About this task => The entries below should be output exactly as written.

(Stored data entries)
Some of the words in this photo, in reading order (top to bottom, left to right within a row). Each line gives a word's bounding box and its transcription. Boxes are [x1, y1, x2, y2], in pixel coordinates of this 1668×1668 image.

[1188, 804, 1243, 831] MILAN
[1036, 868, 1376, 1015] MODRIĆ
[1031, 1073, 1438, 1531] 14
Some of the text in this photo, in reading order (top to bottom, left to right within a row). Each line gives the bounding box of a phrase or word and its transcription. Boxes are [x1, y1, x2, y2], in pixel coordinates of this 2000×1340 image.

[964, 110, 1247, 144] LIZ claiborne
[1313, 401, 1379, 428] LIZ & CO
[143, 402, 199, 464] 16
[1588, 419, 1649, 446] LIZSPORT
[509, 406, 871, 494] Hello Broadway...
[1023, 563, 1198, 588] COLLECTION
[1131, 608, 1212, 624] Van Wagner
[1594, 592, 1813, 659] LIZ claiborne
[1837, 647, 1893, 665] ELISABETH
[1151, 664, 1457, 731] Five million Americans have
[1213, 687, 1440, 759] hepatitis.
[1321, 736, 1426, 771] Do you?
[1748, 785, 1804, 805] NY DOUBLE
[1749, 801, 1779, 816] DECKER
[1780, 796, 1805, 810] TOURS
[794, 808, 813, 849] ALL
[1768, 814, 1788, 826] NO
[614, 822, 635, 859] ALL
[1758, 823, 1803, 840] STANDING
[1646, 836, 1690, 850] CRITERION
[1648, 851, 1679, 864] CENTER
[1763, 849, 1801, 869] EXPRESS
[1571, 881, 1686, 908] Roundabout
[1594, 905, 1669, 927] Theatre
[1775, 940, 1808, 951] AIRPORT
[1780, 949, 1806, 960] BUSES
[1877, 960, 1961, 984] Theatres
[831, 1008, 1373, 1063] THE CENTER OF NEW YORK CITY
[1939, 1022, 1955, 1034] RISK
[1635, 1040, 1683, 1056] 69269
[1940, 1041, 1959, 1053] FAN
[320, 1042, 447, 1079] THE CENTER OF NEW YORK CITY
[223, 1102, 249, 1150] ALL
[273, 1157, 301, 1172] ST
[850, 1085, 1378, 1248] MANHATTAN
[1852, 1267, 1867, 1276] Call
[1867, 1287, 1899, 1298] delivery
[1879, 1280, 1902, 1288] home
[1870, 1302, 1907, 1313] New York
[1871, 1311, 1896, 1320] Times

Answer area =>
Some of the words in this photo, in reading order (top to bottom, left to right within a row). Each line gives a word's bounding box and its transcription. Boxes are [x1, y1, x2, y2], in pixel coordinates of this 1668×1668 image.

[1188, 804, 1243, 831] MILAN
[1036, 868, 1376, 1015] MODRIĆ
[1031, 1073, 1438, 1531] 14
Some of the text in this photo, in reading order (top to bottom, left to right within a row). Each line gives the bounding box of a phrase or word and its transcription. Boxes are [x1, y1, x2, y2], in pixel coordinates of this 2000×1340 image.

[964, 110, 1247, 144] LIZ claiborne
[1313, 401, 1379, 428] LIZ & CO
[143, 402, 199, 464] 16
[1588, 419, 1649, 446] LIZSPORT
[509, 406, 871, 494] Hello Broadway...
[1023, 563, 1198, 588] COLLECTION
[1131, 608, 1212, 624] Van Wagner
[1594, 592, 1813, 659] LIZ claiborne
[1837, 647, 1893, 665] ELISABETH
[1151, 664, 1457, 731] Five million Americans have
[1213, 687, 1440, 759] hepatitis.
[1321, 736, 1426, 771] Do you?
[1748, 785, 1804, 805] NY DOUBLE
[1749, 801, 1779, 816] DECKER
[1780, 796, 1805, 810] TOURS
[794, 808, 813, 849] ALL
[1768, 814, 1788, 826] NO
[614, 822, 635, 859] ALL
[1758, 823, 1803, 840] STANDING
[1646, 836, 1690, 850] CRITERION
[1648, 851, 1679, 864] CENTER
[1763, 849, 1801, 869] EXPRESS
[1571, 881, 1686, 908] Roundabout
[1594, 905, 1669, 927] Theatre
[1775, 940, 1808, 951] AIRPORT
[1780, 949, 1806, 960] BUSES
[1877, 960, 1961, 984] Theatres
[831, 1008, 1373, 1063] THE CENTER OF NEW YORK CITY
[1939, 1022, 1955, 1034] RISK
[1635, 1040, 1683, 1056] 69269
[1940, 1041, 1959, 1053] FAN
[320, 1042, 447, 1079] THE CENTER OF NEW YORK CITY
[223, 1102, 249, 1150] ALL
[273, 1157, 301, 1172] ST
[850, 1085, 1378, 1248] MANHATTAN
[1852, 1267, 1867, 1276] Call
[1867, 1287, 1899, 1298] delivery
[1879, 1280, 1902, 1288] home
[1870, 1302, 1907, 1313] New York
[1871, 1311, 1896, 1320] Times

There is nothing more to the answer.